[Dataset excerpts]
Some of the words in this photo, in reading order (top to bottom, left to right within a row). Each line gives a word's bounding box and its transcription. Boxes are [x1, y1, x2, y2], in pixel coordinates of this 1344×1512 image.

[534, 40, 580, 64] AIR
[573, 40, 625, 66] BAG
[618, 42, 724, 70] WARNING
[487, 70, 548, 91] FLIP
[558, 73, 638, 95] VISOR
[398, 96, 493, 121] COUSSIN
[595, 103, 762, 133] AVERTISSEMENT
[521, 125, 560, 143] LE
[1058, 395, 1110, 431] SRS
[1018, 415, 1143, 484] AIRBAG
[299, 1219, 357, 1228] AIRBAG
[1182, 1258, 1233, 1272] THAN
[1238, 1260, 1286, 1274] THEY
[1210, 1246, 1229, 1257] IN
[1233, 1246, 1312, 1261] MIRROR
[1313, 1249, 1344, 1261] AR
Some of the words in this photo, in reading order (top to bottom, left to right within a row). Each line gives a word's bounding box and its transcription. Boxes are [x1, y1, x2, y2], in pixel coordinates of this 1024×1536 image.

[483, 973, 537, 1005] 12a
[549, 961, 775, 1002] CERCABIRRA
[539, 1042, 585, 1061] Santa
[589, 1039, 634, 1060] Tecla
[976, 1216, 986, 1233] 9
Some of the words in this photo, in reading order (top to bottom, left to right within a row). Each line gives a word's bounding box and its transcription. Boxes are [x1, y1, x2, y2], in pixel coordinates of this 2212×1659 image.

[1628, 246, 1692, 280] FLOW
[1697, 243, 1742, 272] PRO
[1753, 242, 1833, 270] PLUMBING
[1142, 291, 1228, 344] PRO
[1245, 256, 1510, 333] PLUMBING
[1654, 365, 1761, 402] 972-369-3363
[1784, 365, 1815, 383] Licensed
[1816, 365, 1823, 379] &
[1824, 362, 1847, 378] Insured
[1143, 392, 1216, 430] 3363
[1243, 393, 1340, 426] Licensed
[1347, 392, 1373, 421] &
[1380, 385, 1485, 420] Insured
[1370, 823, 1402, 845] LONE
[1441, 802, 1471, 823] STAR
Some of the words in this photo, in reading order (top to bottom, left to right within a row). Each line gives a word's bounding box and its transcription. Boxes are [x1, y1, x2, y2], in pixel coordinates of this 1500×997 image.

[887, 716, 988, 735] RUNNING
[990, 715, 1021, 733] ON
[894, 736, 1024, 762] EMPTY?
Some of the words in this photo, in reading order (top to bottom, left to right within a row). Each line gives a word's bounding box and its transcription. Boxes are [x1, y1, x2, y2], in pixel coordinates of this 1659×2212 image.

- _Task requirements_: Copy the records above exactly as written.

- _Finished exercise_:
Some of the words in this photo, in reading order (top to bottom, left to right within a row). Each line gives a word's bounding box and its transcription. Boxes are [x1, y1, x2, y2], in pixel coordinates of this 1344×1512 image.

[534, 40, 580, 64] AIR
[573, 40, 625, 66] BAG
[618, 42, 724, 70] WARNING
[487, 70, 548, 91] FLIP
[558, 73, 638, 95] VISOR
[398, 96, 493, 121] COUSSIN
[595, 103, 762, 133] AVERTISSEMENT
[521, 125, 560, 143] LE
[1058, 395, 1110, 431] SRS
[1018, 415, 1143, 484] AIRBAG
[299, 1219, 357, 1228] AIRBAG
[1182, 1258, 1233, 1272] THAN
[1238, 1260, 1286, 1274] THEY
[1210, 1246, 1229, 1257] IN
[1233, 1246, 1312, 1261] MIRROR
[1313, 1249, 1344, 1261] AR
Some of the words in this photo, in reading order (top to bottom, left to right within a row). Each line gives a word's bounding box and its transcription. Boxes are [x1, y1, x2, y2], in pixel coordinates of this 1024×1536 image.

[483, 973, 537, 1005] 12a
[549, 961, 775, 1002] CERCABIRRA
[539, 1042, 585, 1061] Santa
[589, 1039, 634, 1060] Tecla
[976, 1216, 986, 1233] 9
Some of the words in this photo, in reading order (top to bottom, left to right within a row). Each line gives a word's bounding box and its transcription. Boxes are [x1, y1, x2, y2], in pixel coordinates of this 2212×1659 image.

[1628, 246, 1692, 280] FLOW
[1697, 243, 1742, 272] PRO
[1753, 242, 1833, 270] PLUMBING
[1142, 291, 1228, 344] PRO
[1245, 256, 1510, 333] PLUMBING
[1654, 365, 1761, 402] 972-369-3363
[1784, 365, 1815, 383] Licensed
[1816, 365, 1823, 379] &
[1824, 362, 1847, 378] Insured
[1143, 392, 1216, 430] 3363
[1243, 393, 1340, 426] Licensed
[1347, 392, 1373, 421] &
[1380, 385, 1485, 420] Insured
[1370, 823, 1402, 845] LONE
[1441, 802, 1471, 823] STAR
Some of the words in this photo, in reading order (top to bottom, left to right within a row). Each line gives a word's bounding box and its transcription. Boxes are [x1, y1, x2, y2], in pixel coordinates of this 1500×997 image.

[887, 716, 988, 735] RUNNING
[990, 715, 1021, 733] ON
[894, 736, 1024, 762] EMPTY?
Some of the words in this photo, in reading order (top to bottom, left to right within a row). Each line gives a word's bounding box and its transcription. Boxes are [x1, y1, x2, y2], in pixel coordinates of this 1659×2212 image.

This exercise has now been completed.